Alkol Oranı Yüksek Şiir – Gizem Yaman

Alkol Oranı Yüksek Şiir*

On beş yaşım. Masamın üstünde sessiz, beyaz bir kâğıt. Elimde, ucunu parmağıma batırsam kanatacak kadar açtığım kurşun kalemim. Önümde ucuz, kan kırmızı şarap. Odam, otel odası misali… Yalnızım. İnat ediyor konuşmuyor kâğıt! Bir yudum şarap, bir yudum daha… Olmuyor; susuyor hala. Sızıyorum.

Resim yaparken de başımda şapka, boynumda fularla daha iyi çizim yapacağımı düşünürdüm.

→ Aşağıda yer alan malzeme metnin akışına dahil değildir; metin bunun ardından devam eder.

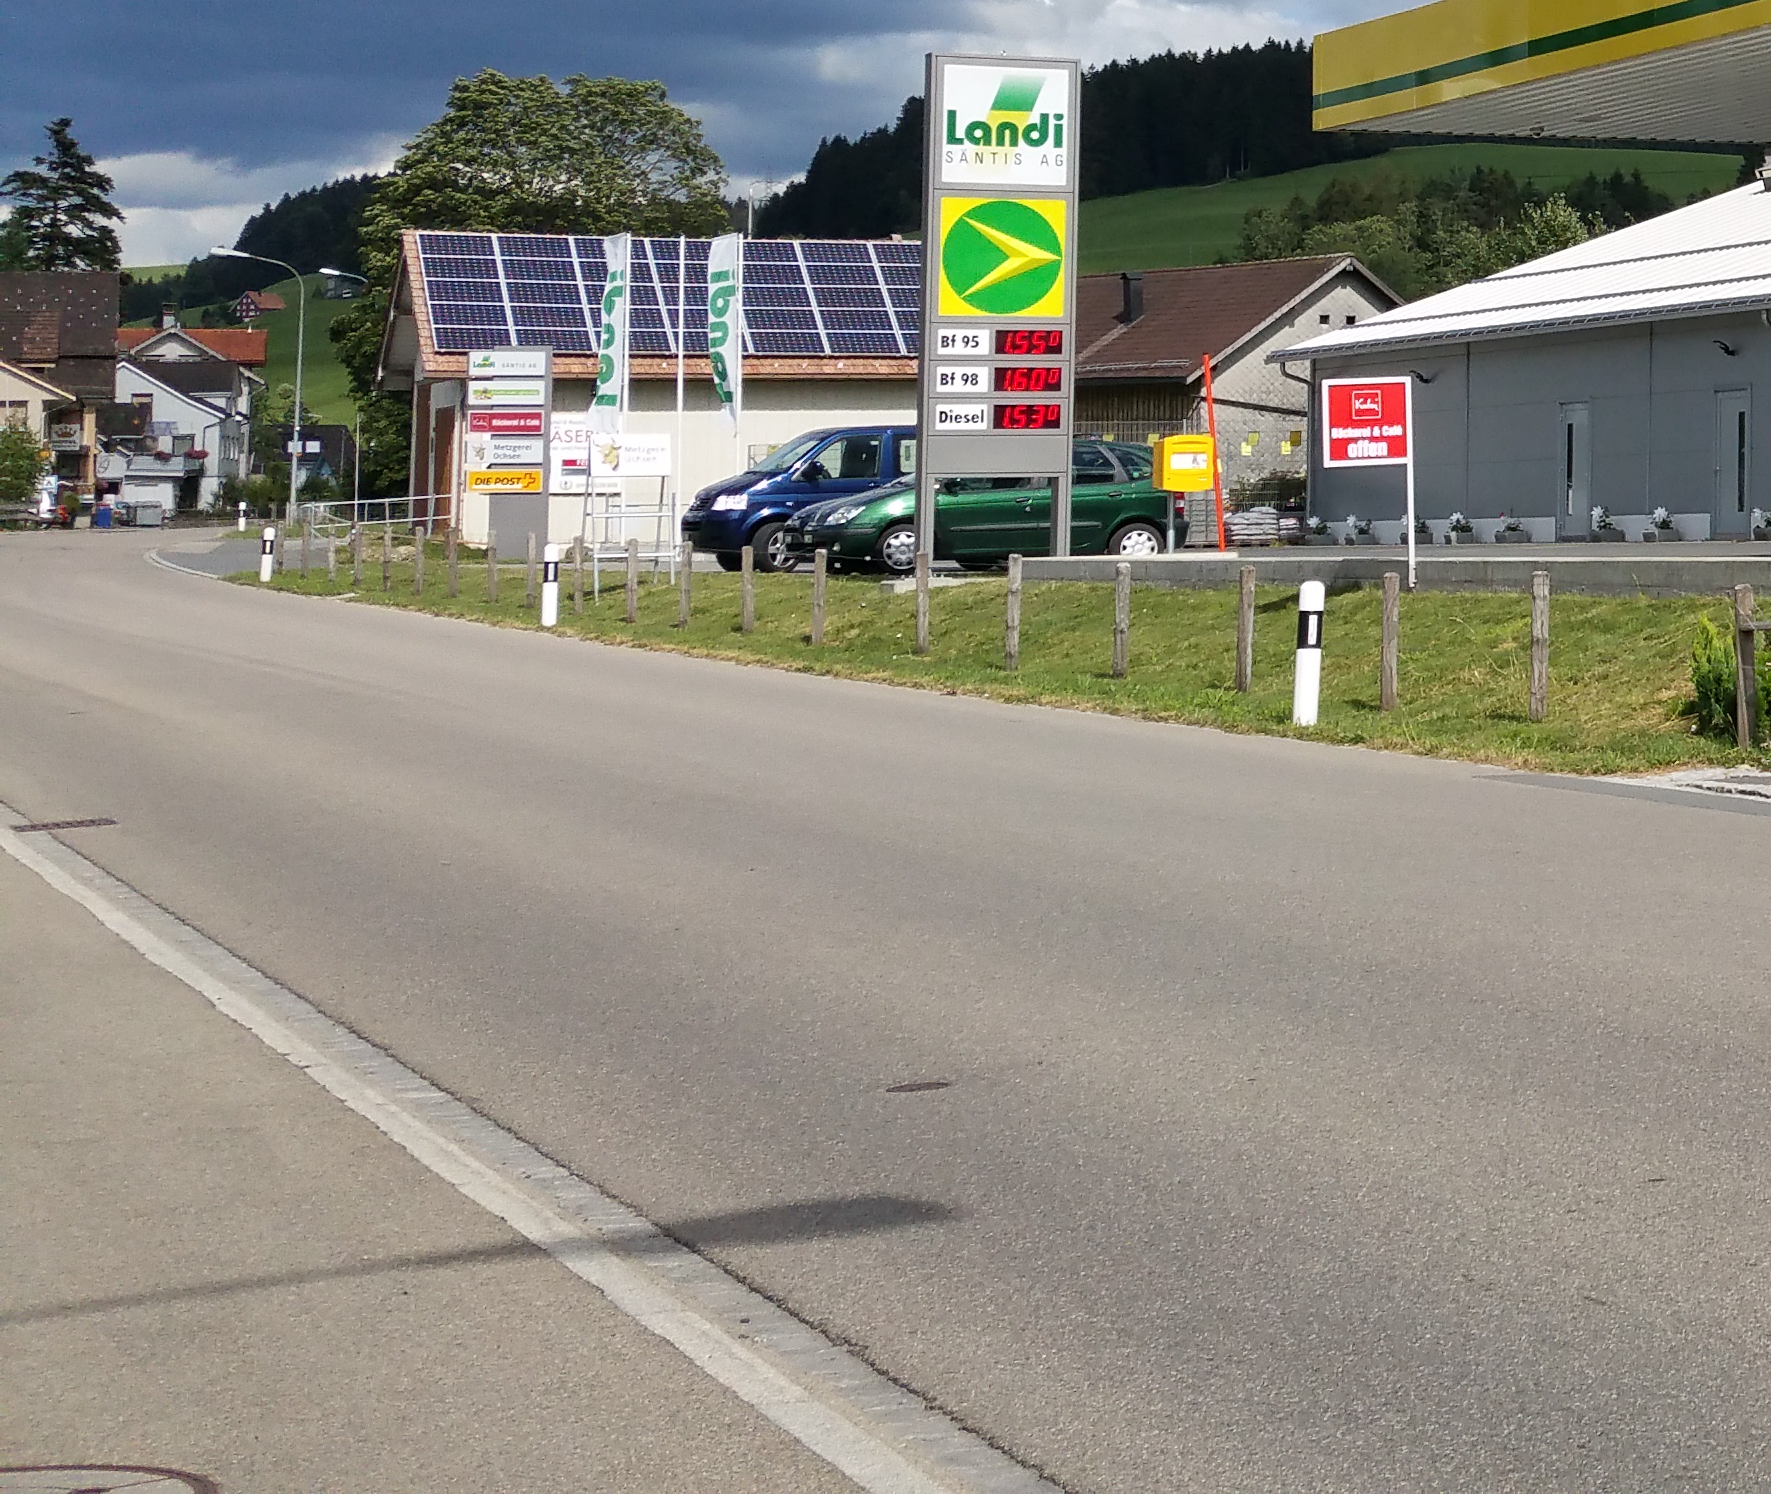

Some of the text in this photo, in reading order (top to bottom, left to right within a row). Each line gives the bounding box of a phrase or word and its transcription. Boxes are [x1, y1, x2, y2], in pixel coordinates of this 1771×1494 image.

[946, 109, 1064, 148] Landi
[945, 149, 1064, 166] SÄNTIS AG
[710, 269, 736, 403] Landi
[940, 334, 979, 348] Bf 95
[940, 372, 979, 386] Bf 98
[939, 409, 985, 424] Diesel
[493, 444, 532, 452] Metzgerei
[1347, 440, 1388, 458] offen
[493, 452, 521, 460] Ochsen
[474, 476, 522, 486] DIE POST
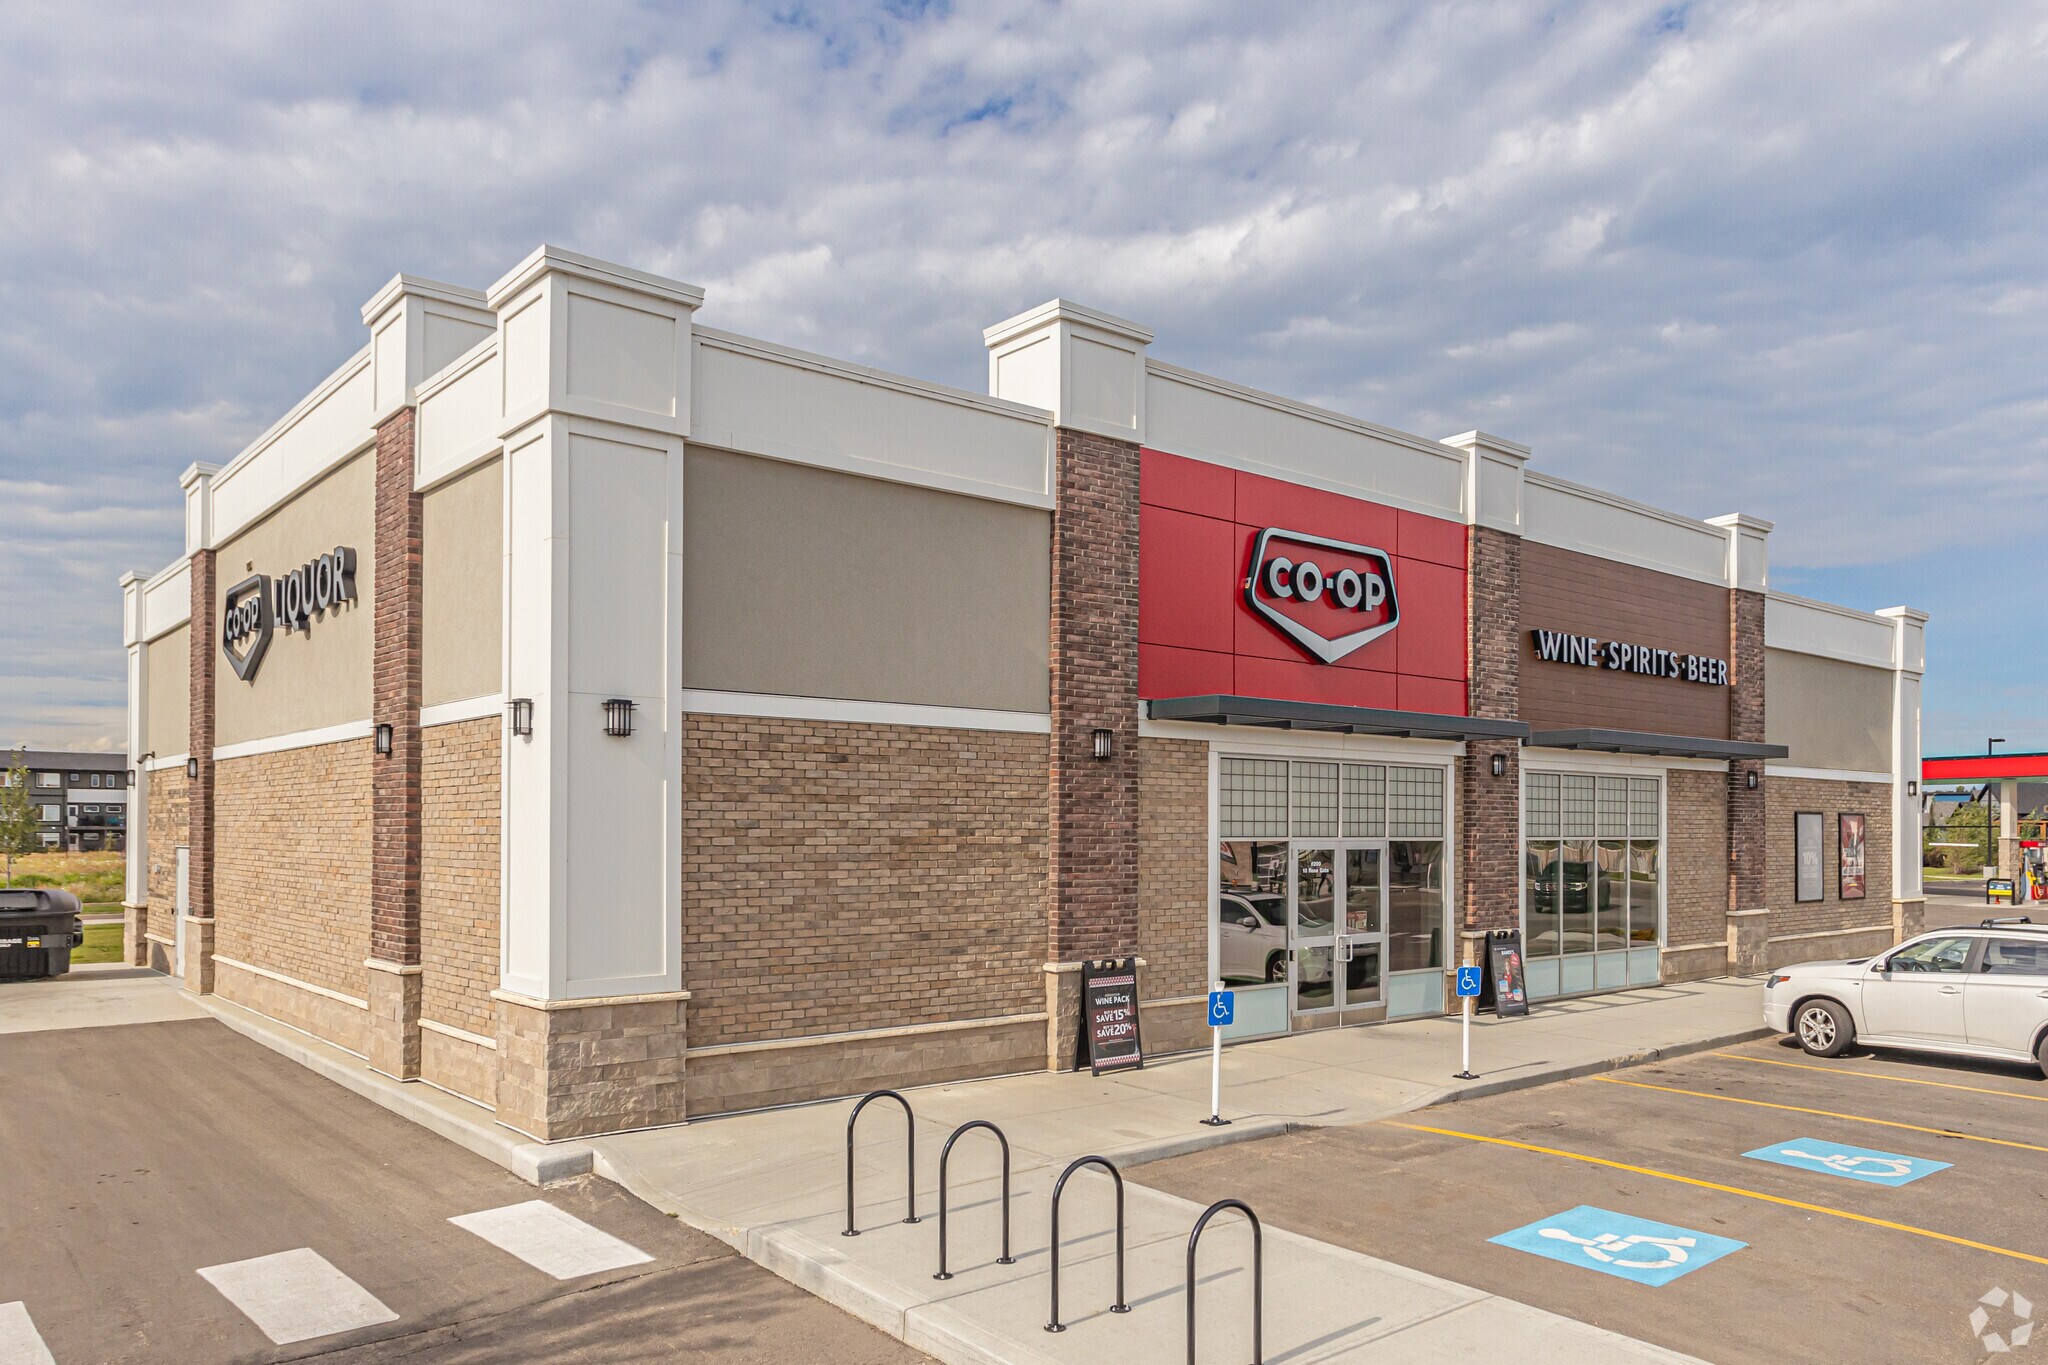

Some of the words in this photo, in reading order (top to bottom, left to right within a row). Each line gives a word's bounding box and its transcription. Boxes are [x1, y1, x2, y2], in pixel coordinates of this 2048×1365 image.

[273, 546, 353, 633] LIQUOR
[1264, 556, 1386, 612] CO-OP
[1535, 629, 1598, 667] WINE
[1606, 641, 1680, 679] SPIRITS
[1686, 654, 1728, 685] BEER
[1095, 996, 1113, 1006] WINE
[1114, 995, 1130, 1004] PACK
[1096, 1014, 1114, 1022] SAVE
[1114, 1009, 1131, 1021] 15%
[1097, 1028, 1115, 1038] SAVE
[1114, 1023, 1132, 1036] 20%

Yeni nesil tabirle “havaya girmek” için. Şaire yüklenen öncelikli tavırlardan biri, elinden düşürmediği içkisidir. Ancak havaya sokmasından ziyade, bir yaşam tarzıdır içkisi.

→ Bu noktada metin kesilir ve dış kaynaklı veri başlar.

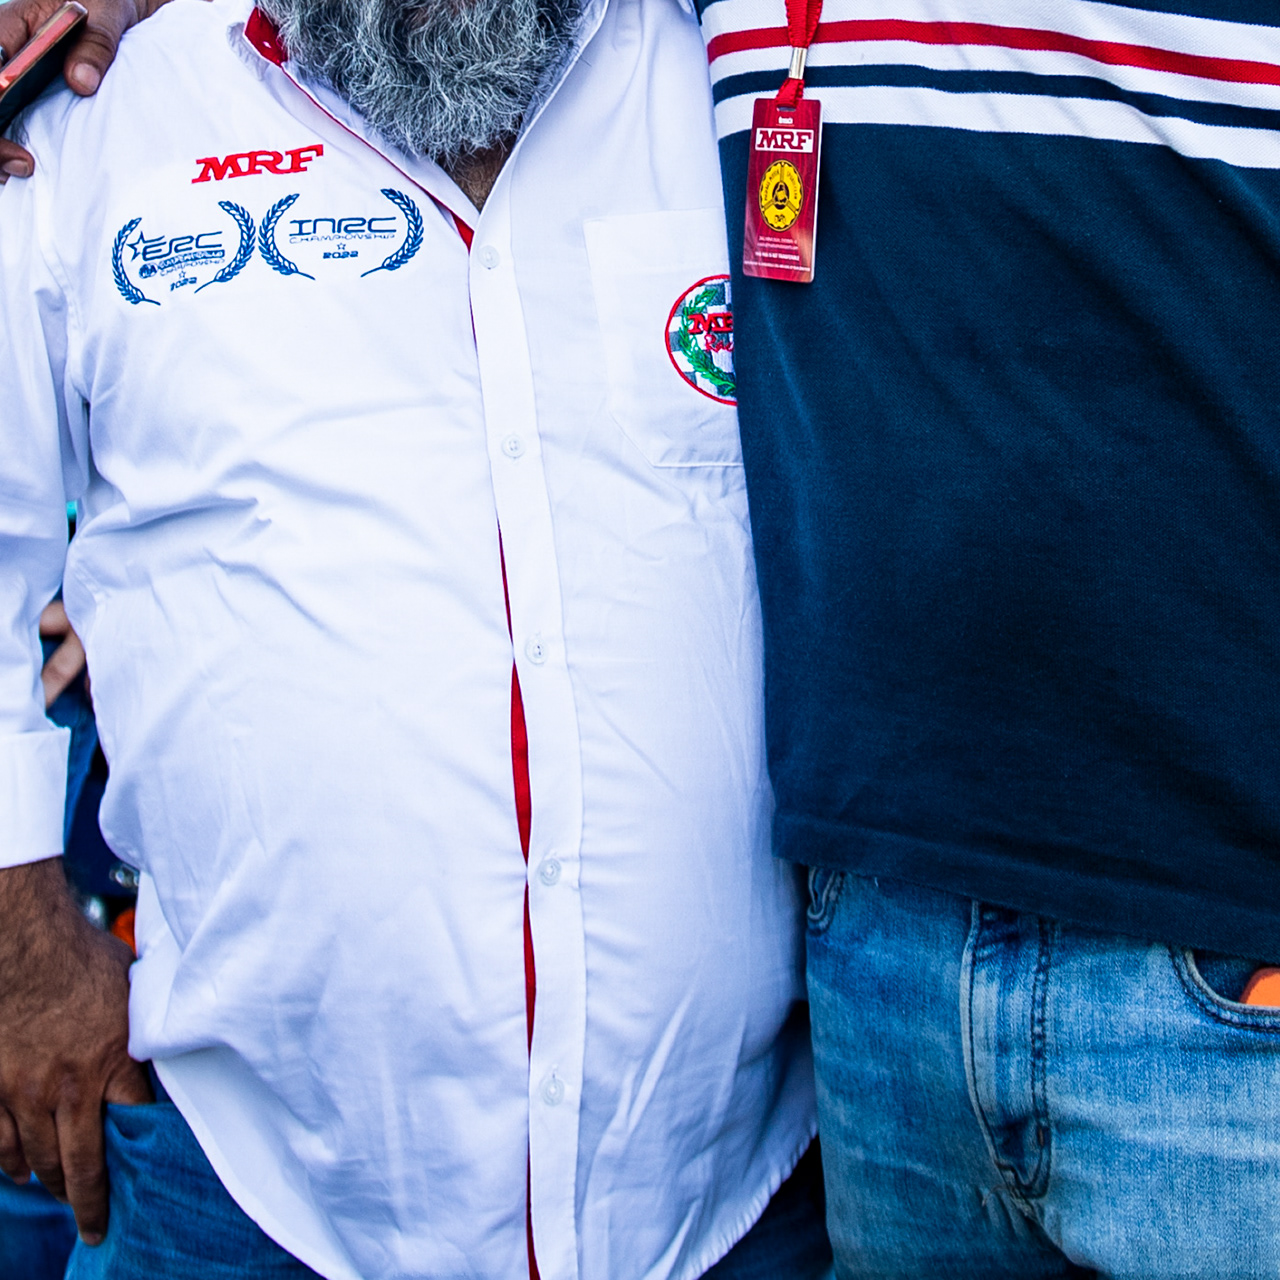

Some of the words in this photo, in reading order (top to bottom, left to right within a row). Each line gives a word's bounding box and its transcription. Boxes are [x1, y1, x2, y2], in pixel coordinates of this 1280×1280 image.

Nice ayakların altında ezilen üzüm taneleri, hem rakının hem şarabın müsebbibi olmuştur. Şarap da, rakı da pekâlâ şiirin. Tek sebep alkol değildir elbet… Şiirin piçidir o. Mey de, şiir de beraber olunca tat bulur.

Şarabı tuz bulayıp sirke ettikleri dönemlerde en çok şairler haykırmıştır. İçkinin yokluğu ile meyhanenin viran, şarabın gözlerden canan gibi nihan olduğunu söyleyerek feryat eden Nevi ve nicesi…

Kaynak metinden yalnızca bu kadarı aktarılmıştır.